Lots of people will be happy to say because his MH condition is hoarding, that this is somehow a particular MH condition that is just so appalling in their eyes, that everything can be blamed on it, and everyone else is therefore entitled to 'victim who did no wrong' status.
Others will be happy to say his dysfunction whatever it is, is the problem, and you are just the eternal victim of men.
There very much are men who are coercive and seek to control, and there are men who control by actions not actually intended to control others, and unsurprisingly there are also so many women doing exactly the same things, so I am wary of the 'her dysfunction = poor once perfect now damaged woman victim' vs 'his dysfunction = nasty calculating controlling knows exactly what he's doing, man predator.'
It's a comfortable get out, but wont serve you in a better future life.
I believe you would easily have had a breakdown in other circumstances too, because I hear all the signs that say say eventually the fragility of your created to please persona/ personality would have become overloaded.
I may be biased here, as your story resonates painfully for me as the equally dysfunctional partner on the receiving end of the 'perfect' high achieving partner who's entire persona was actually entirely a construction to deal with ASD and what happened when they broke, but couldn't let go of their 'perfect' self image bit of that persona, because owning imperfection and knowing who they really were, was entirely unpracticed and frightening for them and not what their wider family wanted either.
I thought he was utterly amazing wanting visibly disabled me and so accepting of me LP'ing my large brood of children and step children, and no dodgy vibes around them, running my own business in a male industry, and keeping it all together despite a truly horrendous past, and journey.
He appeared to be just the most amazing wonderful unusual hard working bloke who understood that I came with much baggage, and incredibly wanted to be part of the chaos, but was respectful of my barriers over my children.
However I wanted it, was good by him, he was the one coming into the set up.
Everybody told me how lucky I was, and how amazing it was that someone in my position had ended up with him. I made sure he knew what he was getting, expecting him to bolt, but he didn't, despite me being in the thick of all sorts.
Everybody who knew him, confirmed that what you could see was what you got. He just really was just a lovely, lovely easy going man, used to the realities of both disability, and the concept of stepping up to the plate for children automatically, who was available because he'd found women a bit difficult to navigate when younger, and was now steeped in work, with retired parents.

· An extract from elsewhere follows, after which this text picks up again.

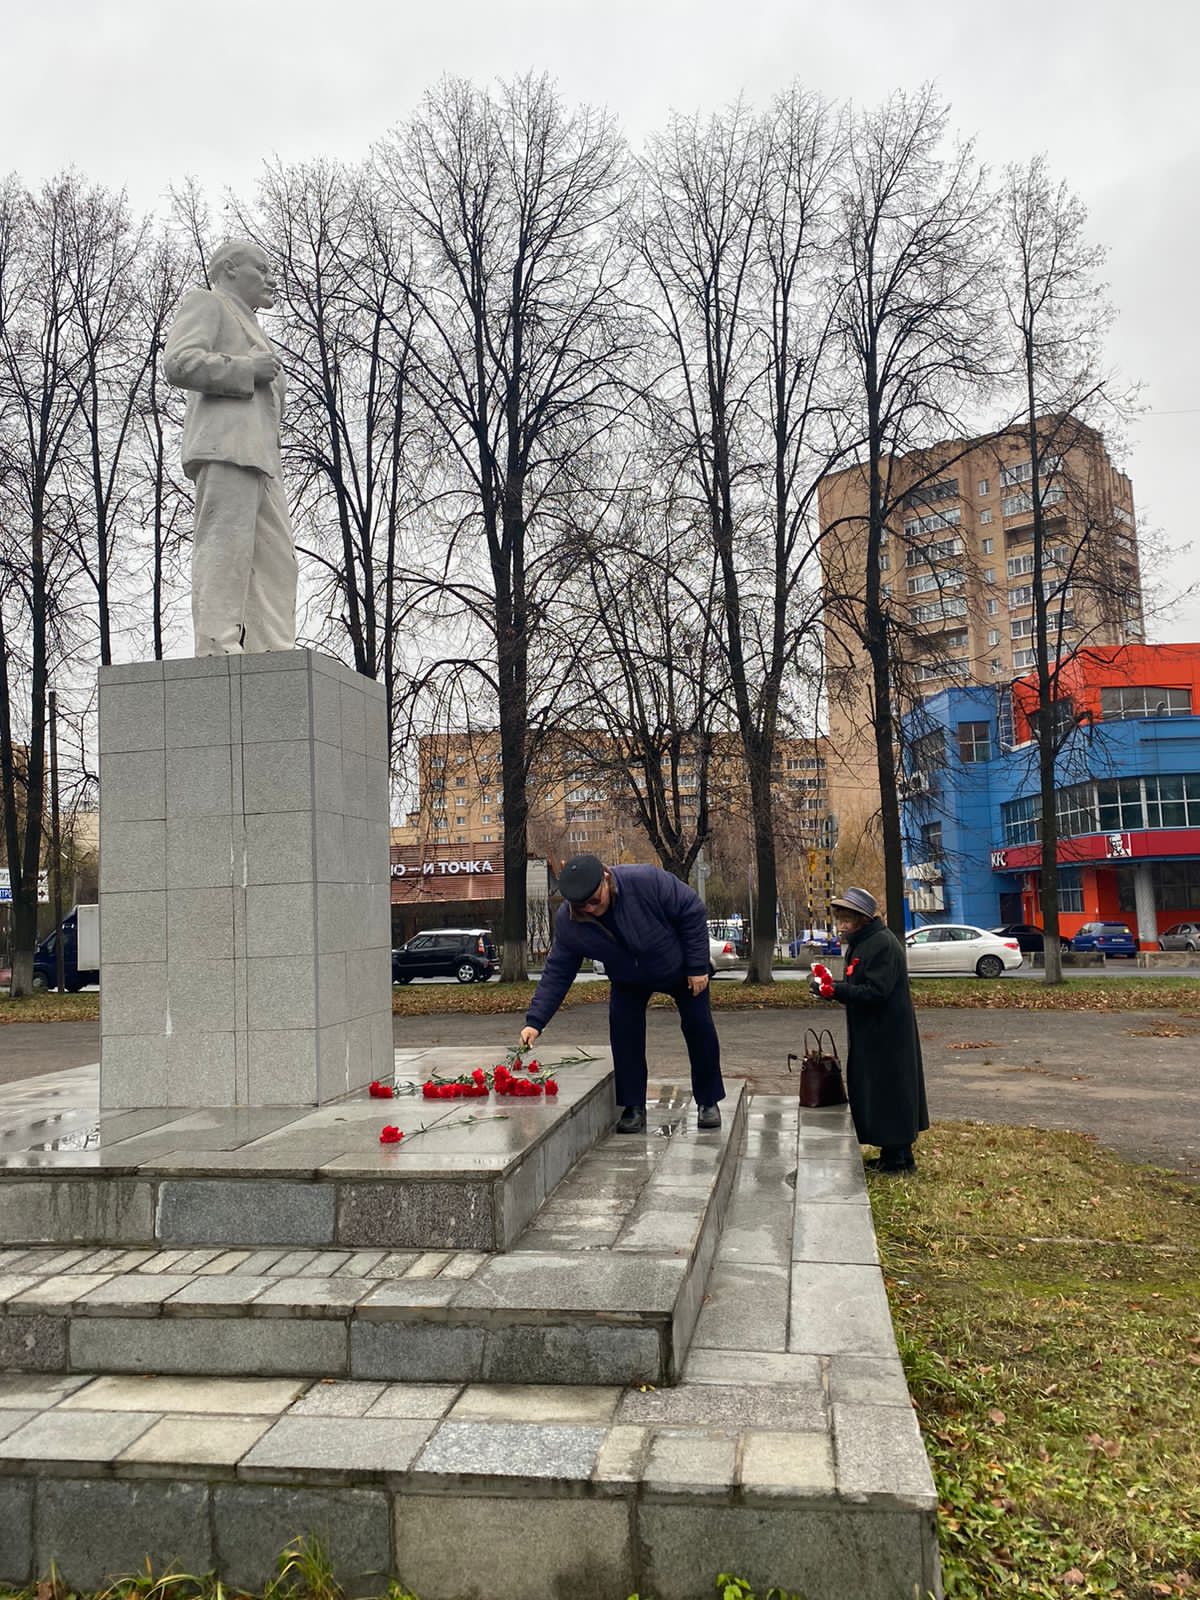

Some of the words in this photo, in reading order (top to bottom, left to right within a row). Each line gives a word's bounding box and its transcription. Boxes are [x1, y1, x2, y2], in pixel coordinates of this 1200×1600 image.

He, I, and everyone, believed it, and those who might know more stayed silent and hoped I'd make more effort to look like some sort of catch visually. He loved that I was as was, and I loved that he saw past so much. Our own quiet fairy tale match for over a decade despite the odds, so I passed over the occasional weirdly out of character incidents. Few and far between, and who was I to expect perfection?
What happened to that man? He broke, burnt out trying to be this created personality of perfection that would be approved off by all 24/7, and never acknowledging who else he really might be.
You quiet rightly acknowledge that actually the main issues in your relationship where caused by your husbands already known personality and habits, and your failure to behave like a grownup and have agency, and that this is likely to be down to what your family did to you as a child. But... you still want him to be responsible for all that didn't work for you. Think about that, because I'm not being nasty, it's a big part of why you are stuck.
I think you need to look very hard at the difference between facts and feelings.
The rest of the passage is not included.